WORK TASK:
Beginning with the line containing "this 973×973 image." and ending with the last line of the entries below, copy each line exactly and nothing else.

Dataset records:
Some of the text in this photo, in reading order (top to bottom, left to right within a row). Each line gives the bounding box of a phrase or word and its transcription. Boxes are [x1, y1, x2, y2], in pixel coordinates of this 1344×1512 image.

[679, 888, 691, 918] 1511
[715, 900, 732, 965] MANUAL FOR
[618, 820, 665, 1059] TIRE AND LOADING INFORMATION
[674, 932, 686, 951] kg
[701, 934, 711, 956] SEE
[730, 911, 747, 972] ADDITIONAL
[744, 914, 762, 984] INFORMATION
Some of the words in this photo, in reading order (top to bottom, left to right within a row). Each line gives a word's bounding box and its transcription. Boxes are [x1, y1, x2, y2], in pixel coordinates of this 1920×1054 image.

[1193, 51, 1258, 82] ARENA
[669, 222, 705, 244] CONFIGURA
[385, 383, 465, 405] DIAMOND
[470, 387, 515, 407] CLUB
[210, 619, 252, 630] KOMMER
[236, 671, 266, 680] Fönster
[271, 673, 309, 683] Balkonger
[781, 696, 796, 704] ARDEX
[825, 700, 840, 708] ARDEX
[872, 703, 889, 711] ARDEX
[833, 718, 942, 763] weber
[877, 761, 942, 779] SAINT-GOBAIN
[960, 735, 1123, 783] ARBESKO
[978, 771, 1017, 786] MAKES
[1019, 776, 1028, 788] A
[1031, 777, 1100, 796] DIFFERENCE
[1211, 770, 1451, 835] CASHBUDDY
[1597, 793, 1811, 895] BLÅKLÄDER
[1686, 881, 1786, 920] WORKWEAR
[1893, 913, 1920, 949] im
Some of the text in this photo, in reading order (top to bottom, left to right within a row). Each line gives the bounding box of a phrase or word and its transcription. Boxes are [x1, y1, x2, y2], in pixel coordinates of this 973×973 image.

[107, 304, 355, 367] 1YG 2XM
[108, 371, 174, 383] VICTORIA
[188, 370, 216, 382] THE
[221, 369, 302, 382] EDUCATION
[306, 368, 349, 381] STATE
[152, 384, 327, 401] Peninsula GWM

EXERCISE SOLUTION:
Some of the text in this photo, in reading order (top to bottom, left to right within a row). Each line gives the bounding box of a phrase or word and its transcription. Boxes are [x1, y1, x2, y2], in pixel coordinates of this 973×973 image.

[107, 304, 355, 367] 1YG 2XM
[108, 371, 174, 383] VICTORIA
[188, 370, 216, 382] THE
[221, 369, 302, 382] EDUCATION
[306, 368, 349, 381] STATE
[152, 384, 327, 401] Peninsula GWM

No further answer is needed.